067 Municipal Composting - Fotolia - imageegami

Fergus Falls, MN implemented a municipal composting program in which they collected yard waste from residents every fall and allowed residents to collect the resulting mulch every spring.


PHOTO: FOTOLIA/IMAGEEGAMI

MUNICIPAL COMPOSTING: Each autumn the residents of Fergus Falls, Minnesota (population 18,800) are encouraged to rake up their leaves and deposit them alongside their curbs, where a city-owned vacuum picks the foliage up. The town then places all of the tree sheddings on city property, in one gigantic compost pile. In the spring, townspeople stop by and reclaim their fall gleanings in the form of ready-to-use garden compost.

ECOLOGICAL INVENTORY: Help for environmental groups and other organizations concerned about burgeoning development and energy projects in ecologically delicate coastal zones, is available in the U.S. Fish and Wildlife Service's "Atlantic Coast Ecological Inventory." A similar comprehensive survey—and series of fish and wildlife species maps—is being compiled for the Pacific Coast. 

CHLORINE CANCER RISK? The U.S. Council on Environmental Quality has issued a study stating that chlorine—which is added to municipal water supplies to kill bacteria—may cause lower gastrointestinal cancer in humans. The chlorine reacts with organic substances in water to form compounds called trihalomethanes, one of which—chloroform—has been shown to be a carcinogen in research with laboratory animals.

LOGS, CHINKING, AND PCP: Residents of several log homes in Kentucky have been found to have elevated levels of the chemical pentachlorophenol (a substance suspected of being harmful to the reproductive systems of some animals) in their blood and urinary systems. The Center for Disease Control said that the timbers used in construction of the houses were dipped in a 50% solution of PCP to control sap stains on the wood.

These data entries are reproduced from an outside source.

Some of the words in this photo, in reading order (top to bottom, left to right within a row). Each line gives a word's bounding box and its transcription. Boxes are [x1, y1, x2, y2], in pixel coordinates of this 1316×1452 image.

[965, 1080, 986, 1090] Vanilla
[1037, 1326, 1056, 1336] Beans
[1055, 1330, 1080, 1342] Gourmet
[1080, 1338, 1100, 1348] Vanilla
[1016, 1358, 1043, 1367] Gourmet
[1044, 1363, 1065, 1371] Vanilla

STERILIZATION LAWSUIT: Five female employees of American Cyanamid in Willow Island, West Virginia—who were sterilized to conform to a company policy requiring women working in the now-defunct lead pigment section of the plant to present proof of nonfertility—have been transferred to other departments, with loss of seniority and reduced pay. The women, who would not have had to be sterilized to work in their new jobs, are being represented by the ACLU in a suit against the company.

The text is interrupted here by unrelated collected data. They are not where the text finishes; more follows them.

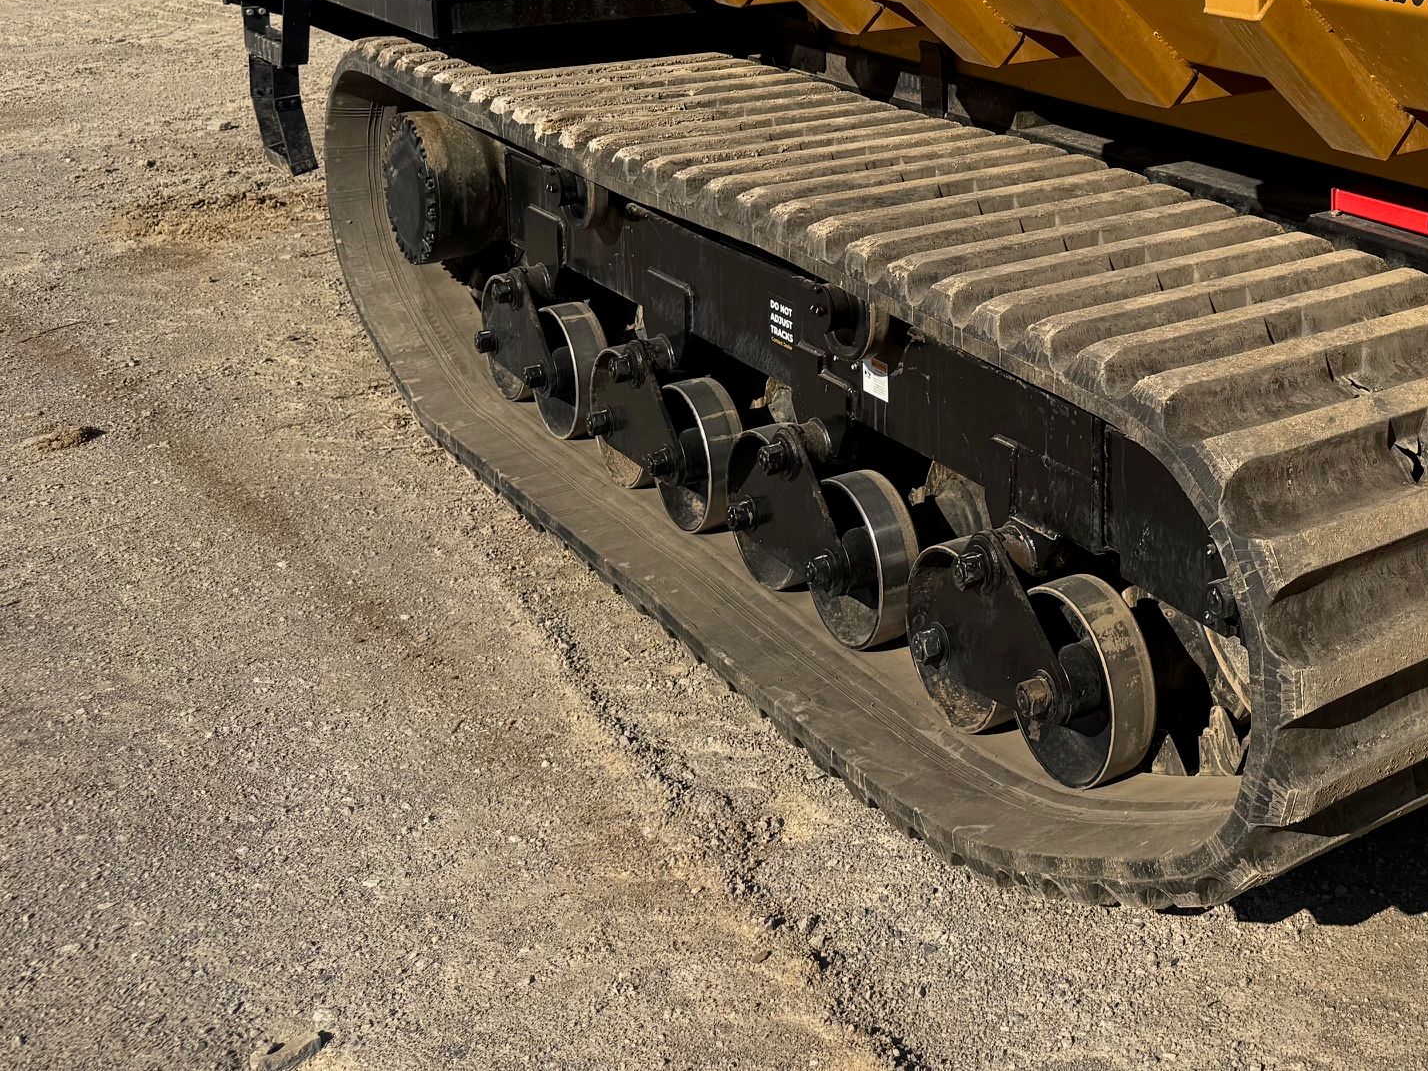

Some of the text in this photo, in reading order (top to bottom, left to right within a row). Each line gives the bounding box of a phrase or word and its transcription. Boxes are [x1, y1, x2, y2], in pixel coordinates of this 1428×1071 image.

[770, 299, 792, 318] DO NOT
[770, 312, 793, 330] ADJUST
[770, 324, 793, 343] TRACKS
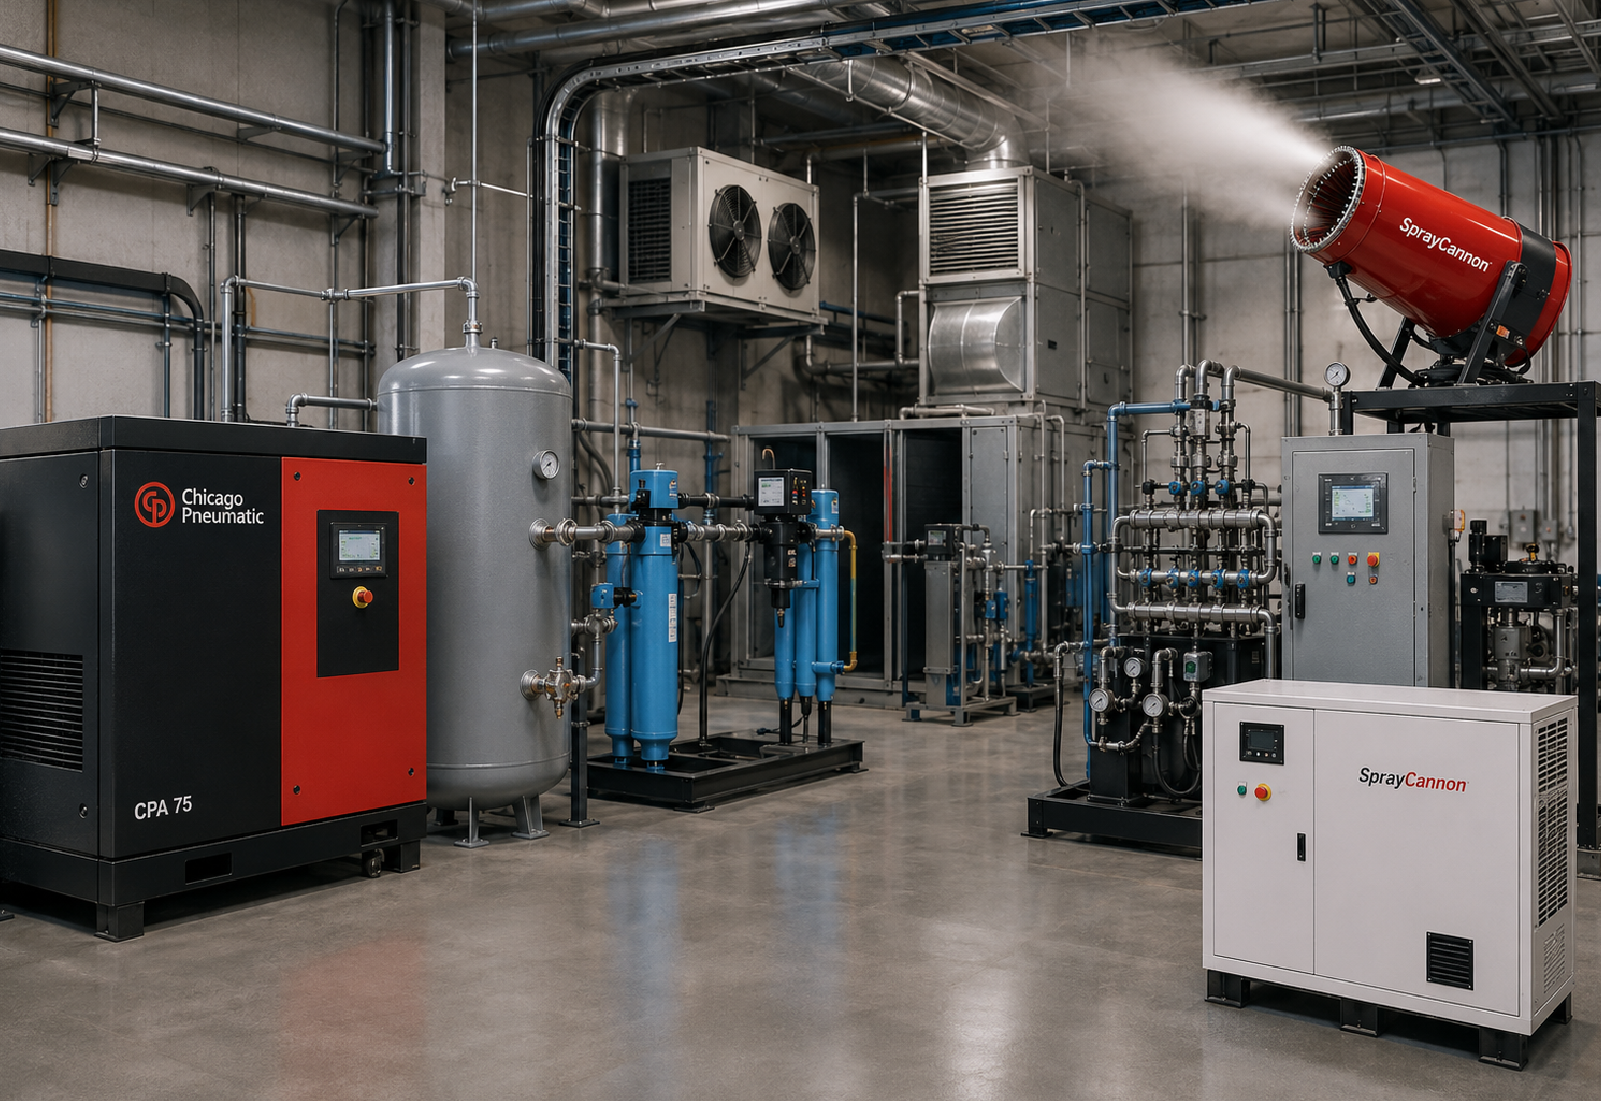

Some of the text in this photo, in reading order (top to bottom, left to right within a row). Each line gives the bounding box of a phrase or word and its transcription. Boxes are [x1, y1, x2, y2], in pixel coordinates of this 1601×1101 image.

[1399, 217, 1489, 272] SprayCannon
[182, 487, 244, 509] Chicago
[182, 506, 265, 525] Pneumatic
[1359, 767, 1468, 792] SprayCannon
[134, 795, 193, 820] CPA 75

GOOD NEWS (AT LAST!) ABOUT PCB'S has been released by Goodyear Tire and Rubber Company. Goodyear scientists claim to have found a quick, inexpensive way to convert polychlorinated biphenyls (toxic carcinogens) into harmless sludge. The company plans to share the process—at no charge—with others. It's thought that the method may also be useful in detoxifying hazardous materials chemically related to PCB's, such as DDT and other insecticides and herbicides.